▶ _TO DO_
Only the lines from the line holding "this 1250×1667 image." through the final line of the entries below are to be returned, exactly as they stand.

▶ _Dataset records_
○ ○ ○ ○ ○ ○ ○

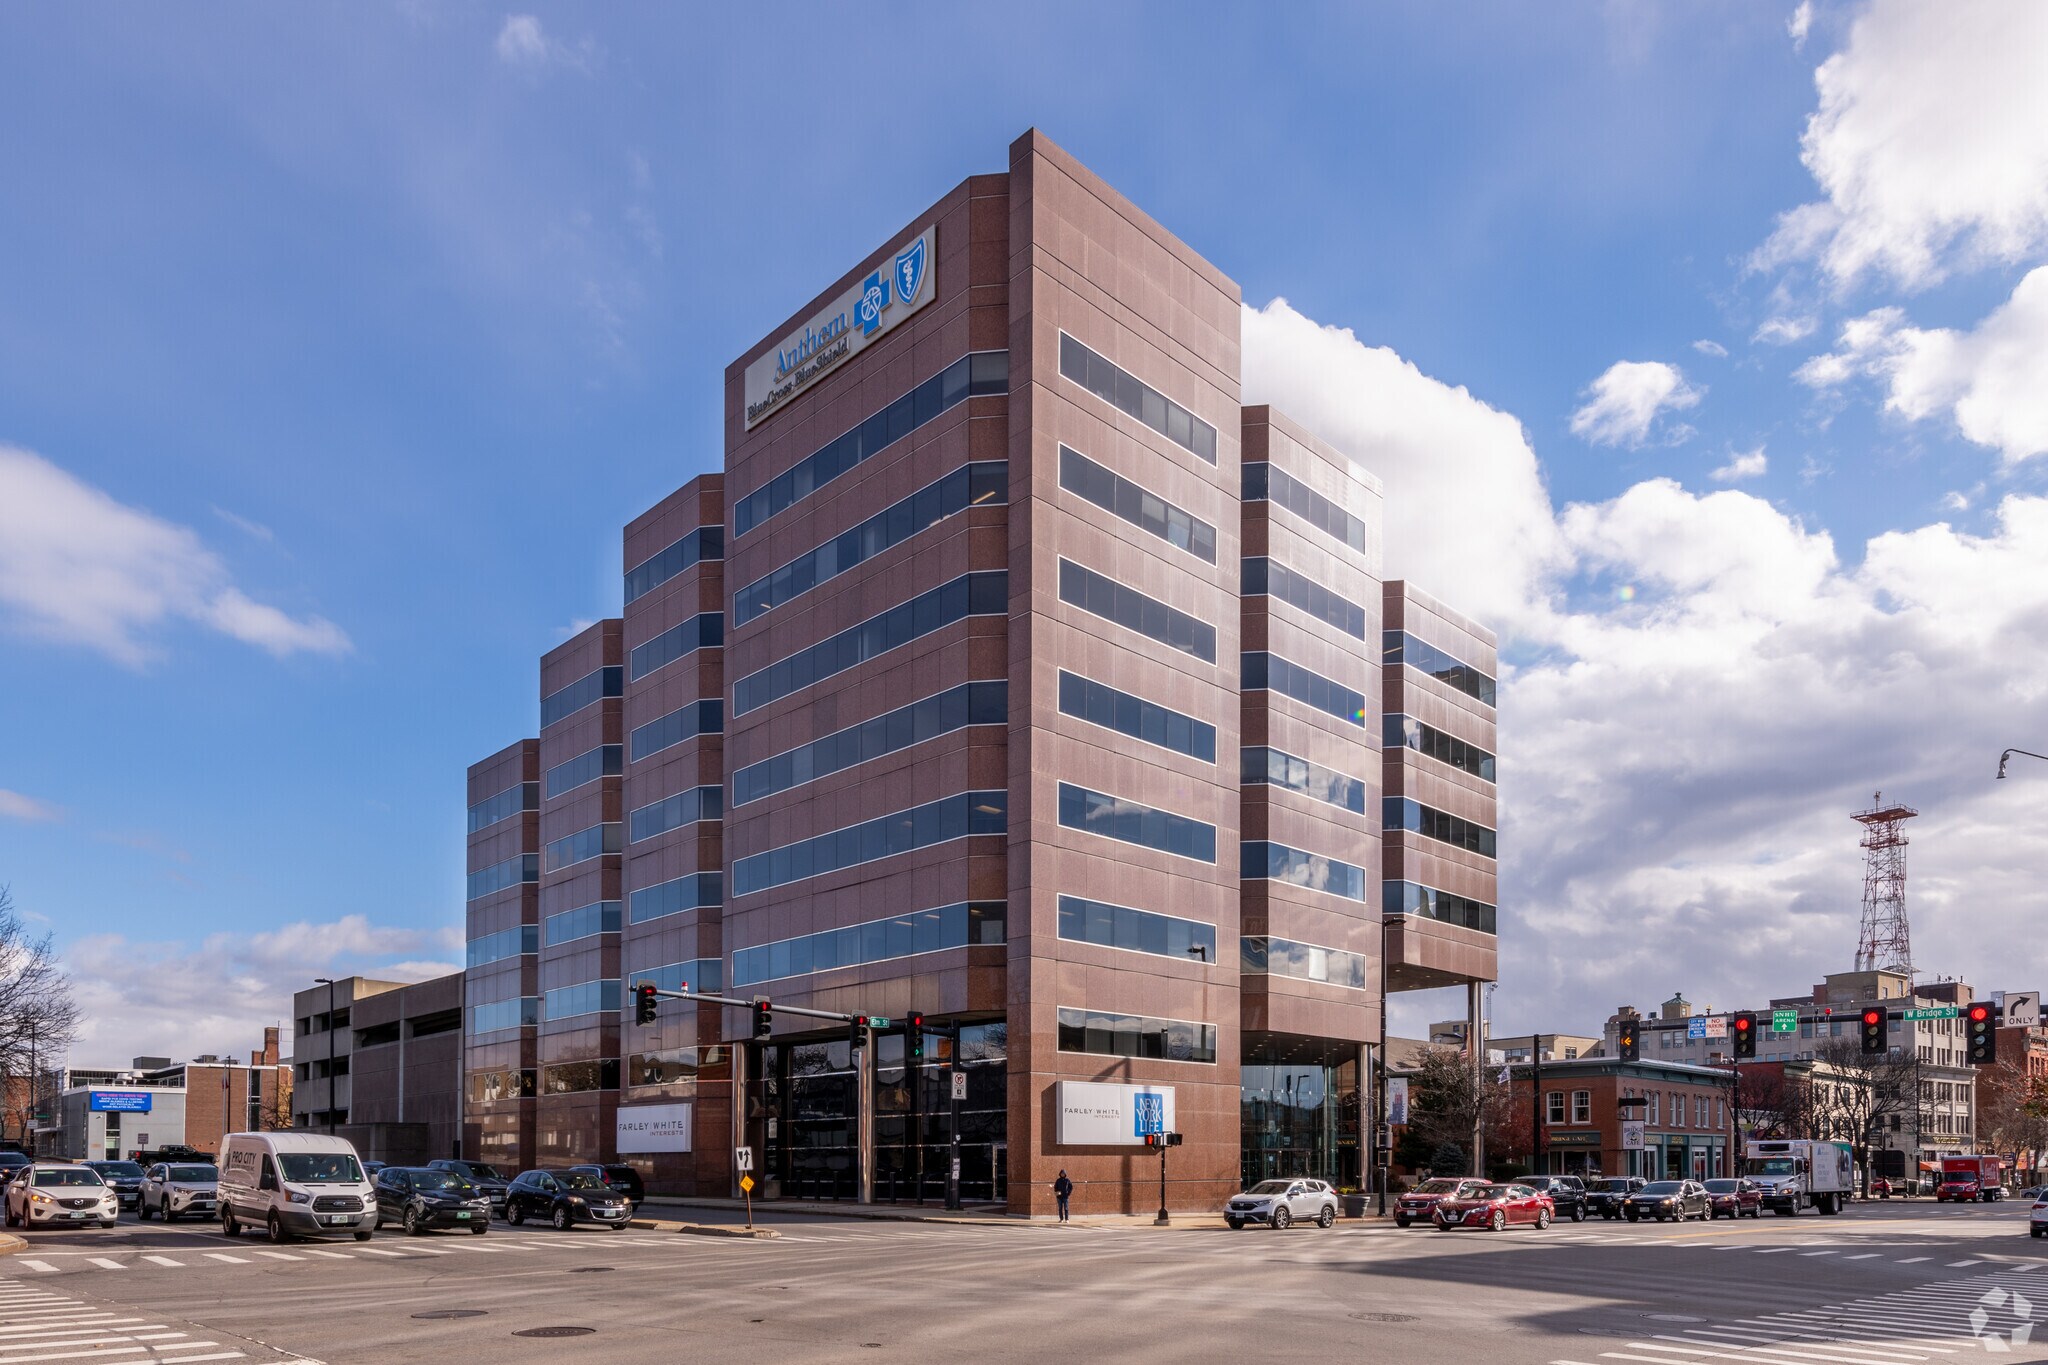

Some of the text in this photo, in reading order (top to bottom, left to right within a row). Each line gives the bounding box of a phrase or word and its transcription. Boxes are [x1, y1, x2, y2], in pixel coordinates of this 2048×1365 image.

[773, 313, 847, 383] Anthem
[747, 336, 849, 421] BlueCross BlueShield
[1907, 1007, 1955, 1019] W Bridge St
[871, 1018, 880, 1026] Elm
[2008, 1016, 2034, 1025] ONLY
[1139, 1097, 1160, 1110] NEW
[1064, 1107, 1093, 1115] FARLEY
[1136, 1108, 1162, 1121] YORK
[618, 1120, 684, 1132] FARLEY WHITE
[1139, 1119, 1160, 1133] LIFE
[231, 1150, 257, 1166] PRO CITY
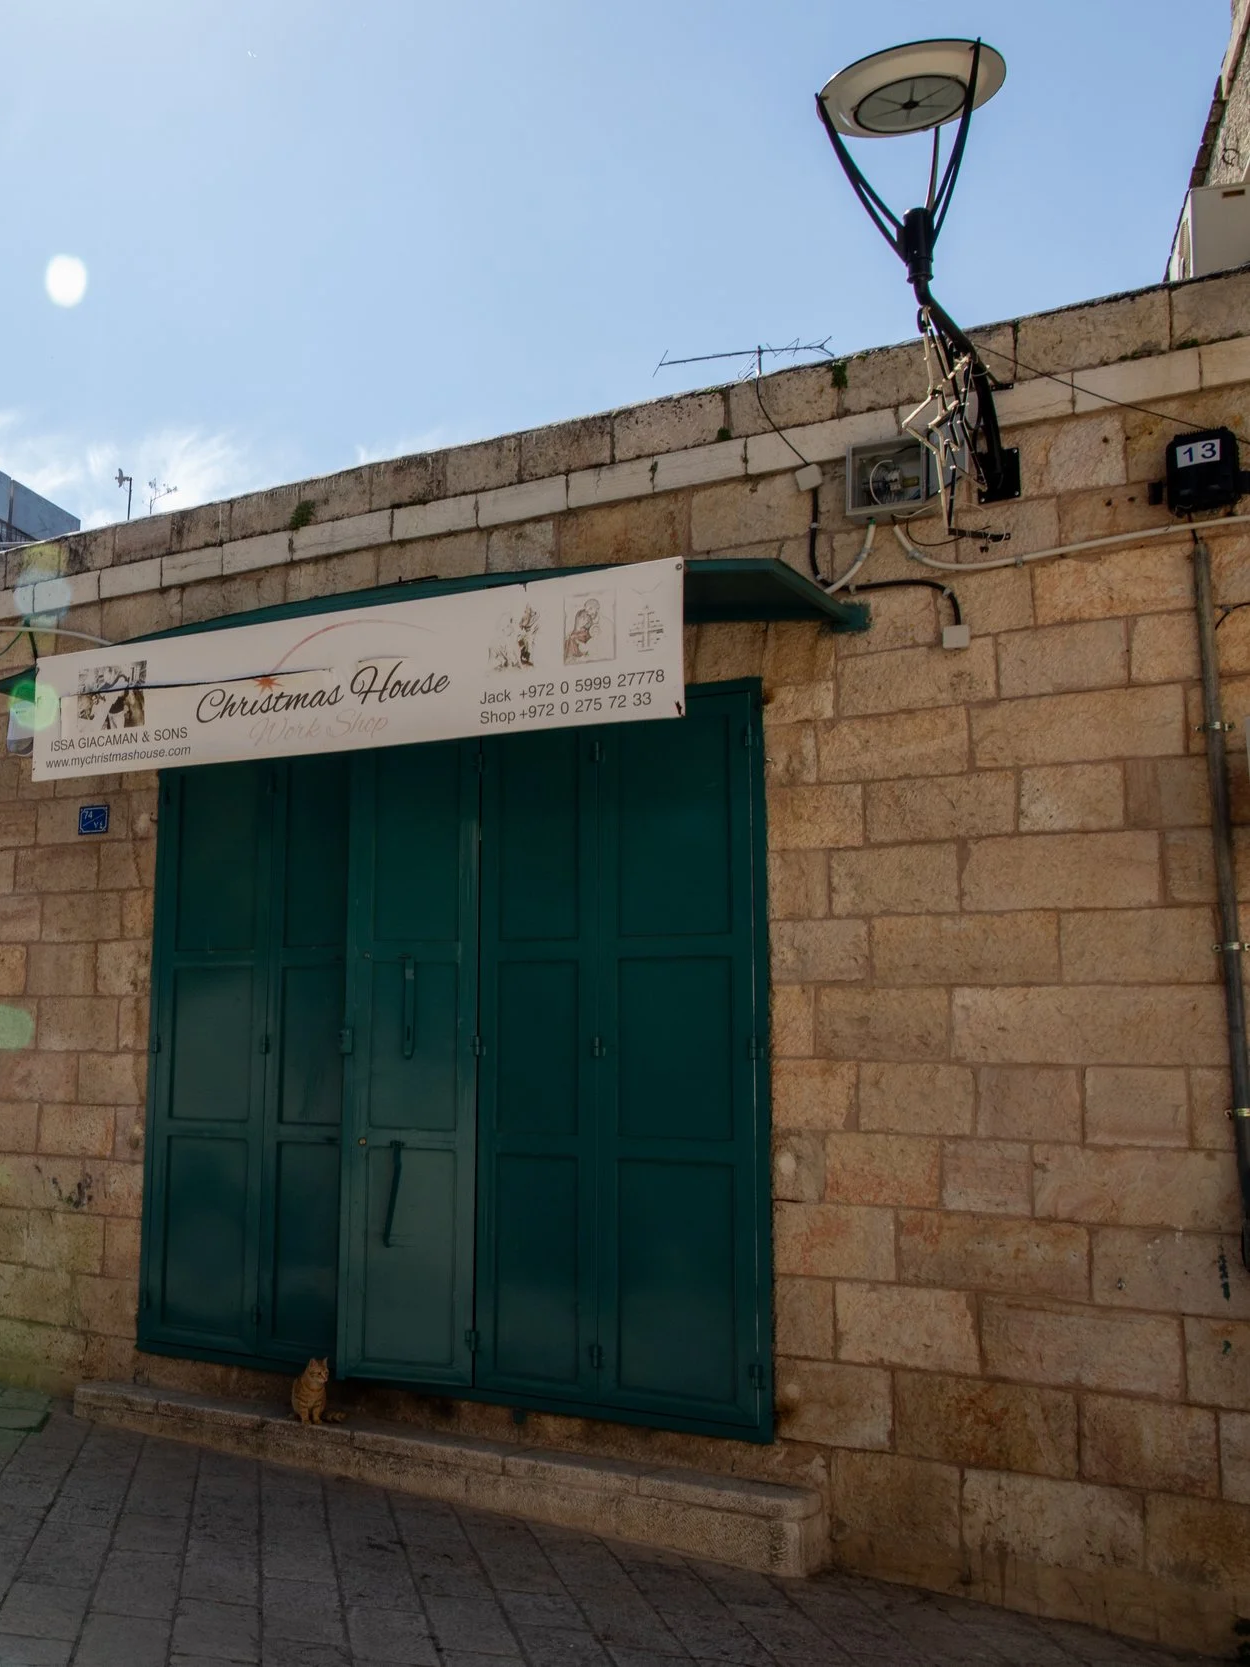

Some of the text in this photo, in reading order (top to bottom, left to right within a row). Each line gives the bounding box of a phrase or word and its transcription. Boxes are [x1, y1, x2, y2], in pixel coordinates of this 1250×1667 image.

[1182, 442, 1217, 463] 13
[195, 660, 451, 724] Christmas House
[479, 669, 665, 705] Jack +972 0 5999 27778
[479, 691, 652, 724] Shop +972 0 275 72 33
[50, 726, 188, 752] ISSA GIACAMAN & SONS
[46, 745, 191, 769] www.mychristmashouse.com
[84, 810, 93, 820] 74

○ ○ ○ ○ ○ ○ ○

▶ _THE COMPLETED TASK_
Some of the text in this photo, in reading order (top to bottom, left to right within a row). Each line gives the bounding box of a phrase or word and its transcription. Boxes are [x1, y1, x2, y2], in pixel coordinates of this 1250×1667 image.

[1182, 442, 1217, 463] 13
[195, 660, 451, 724] Christmas House
[479, 669, 665, 705] Jack +972 0 5999 27778
[479, 691, 652, 724] Shop +972 0 275 72 33
[50, 726, 188, 752] ISSA GIACAMAN & SONS
[46, 745, 191, 769] www.mychristmashouse.com
[84, 810, 93, 820] 74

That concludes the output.